Automated solutions add solenoid valves and run them from your machine controls. If the machine is off, or the conveyor has stopped – close the solenoid valve and save the air.  And blow off applications can benefit from any space in between parts by turning the air off during the gaps with the aid of a sensor and solenoid. (EXAIR’s automated  Electronic Flow Control)

 

  1. Use intermediate storage of compressed air near the point of use.

Also known as secondary receivers, intermediate air storage is especially effective when a system has shifting demands or large volume use in a specific area. Intermediate storage is the buffer between a large demand event and the output of your compressor. The buffer created by intermediate storage (secondary receiver) prevents pressure fluctuations which may impact other end use operations and affect your end product quality. (EXAIR’s Receiver Tanks)

  1. Control the air pressure at the point of use to minimize air consumption.

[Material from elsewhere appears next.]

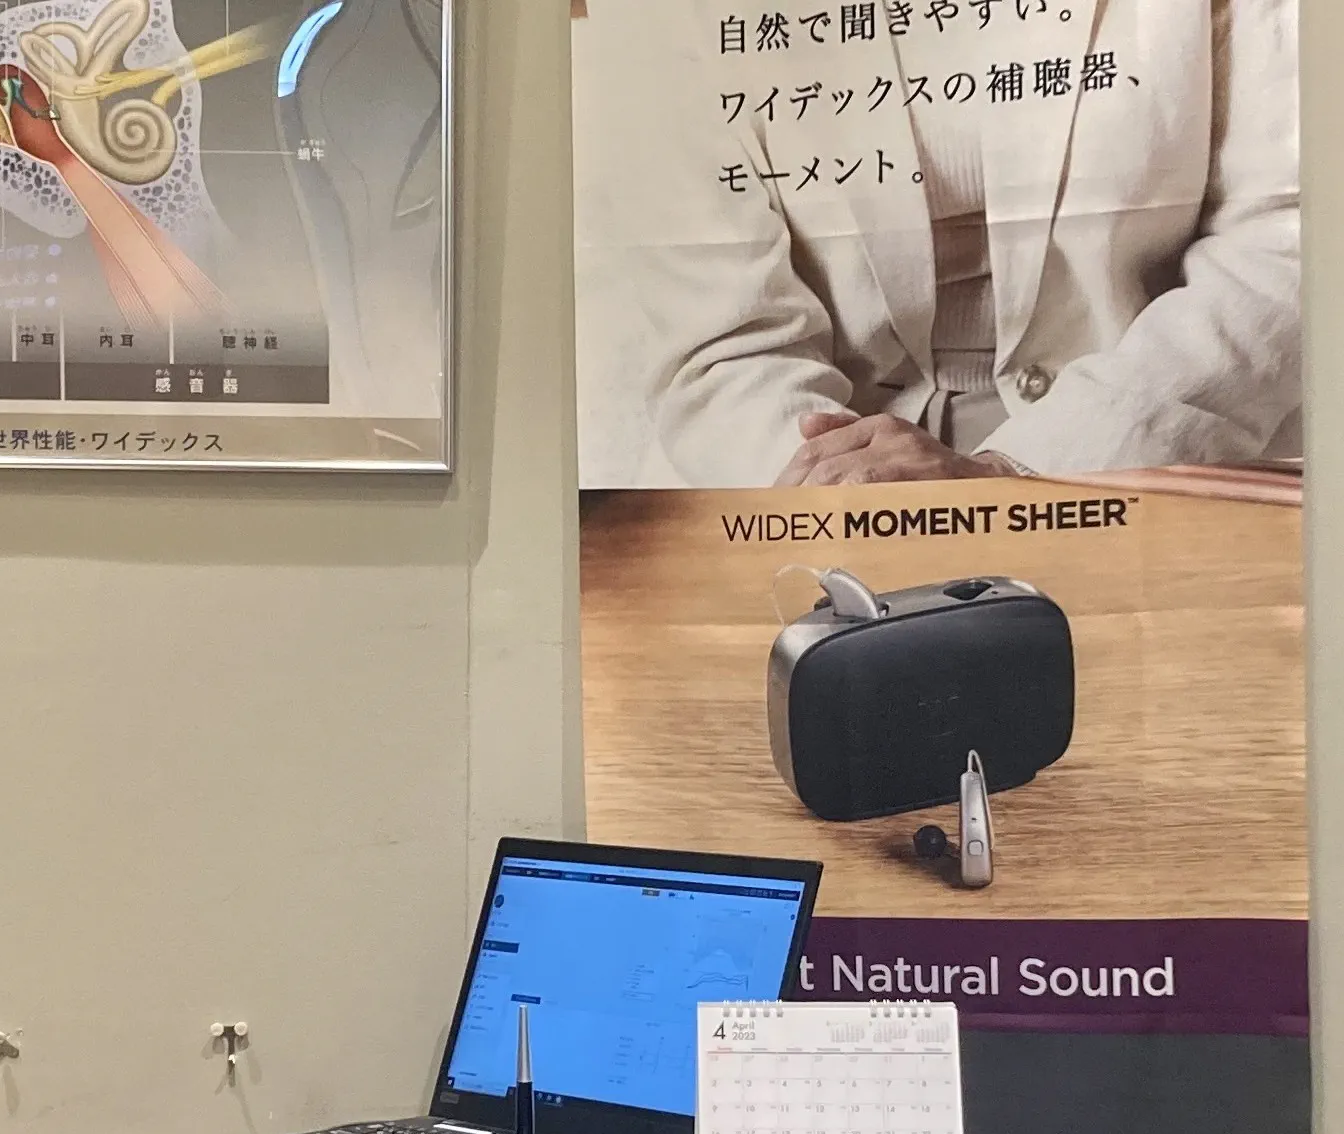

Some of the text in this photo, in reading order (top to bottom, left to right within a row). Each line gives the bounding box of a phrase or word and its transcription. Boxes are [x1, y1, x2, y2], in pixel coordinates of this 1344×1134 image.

This is a very simple and easy process, all it requires is a pressure regulator. Installing a pressure regulator at all of your point of use applications will allow you to lower the pressure of these applications to the lowest pressure possible for success. Lowering the pressure of the application also lowers the air consumption. And it naturally follows that lower air consumption equals energy savings. (EXAIR’s Pressure Regulators)

By increasing your awareness of the health of your air compressor system and implementing a PM program you can significantly reduce your costs from wasted energy and avoid costly down time from an out of service air compressor.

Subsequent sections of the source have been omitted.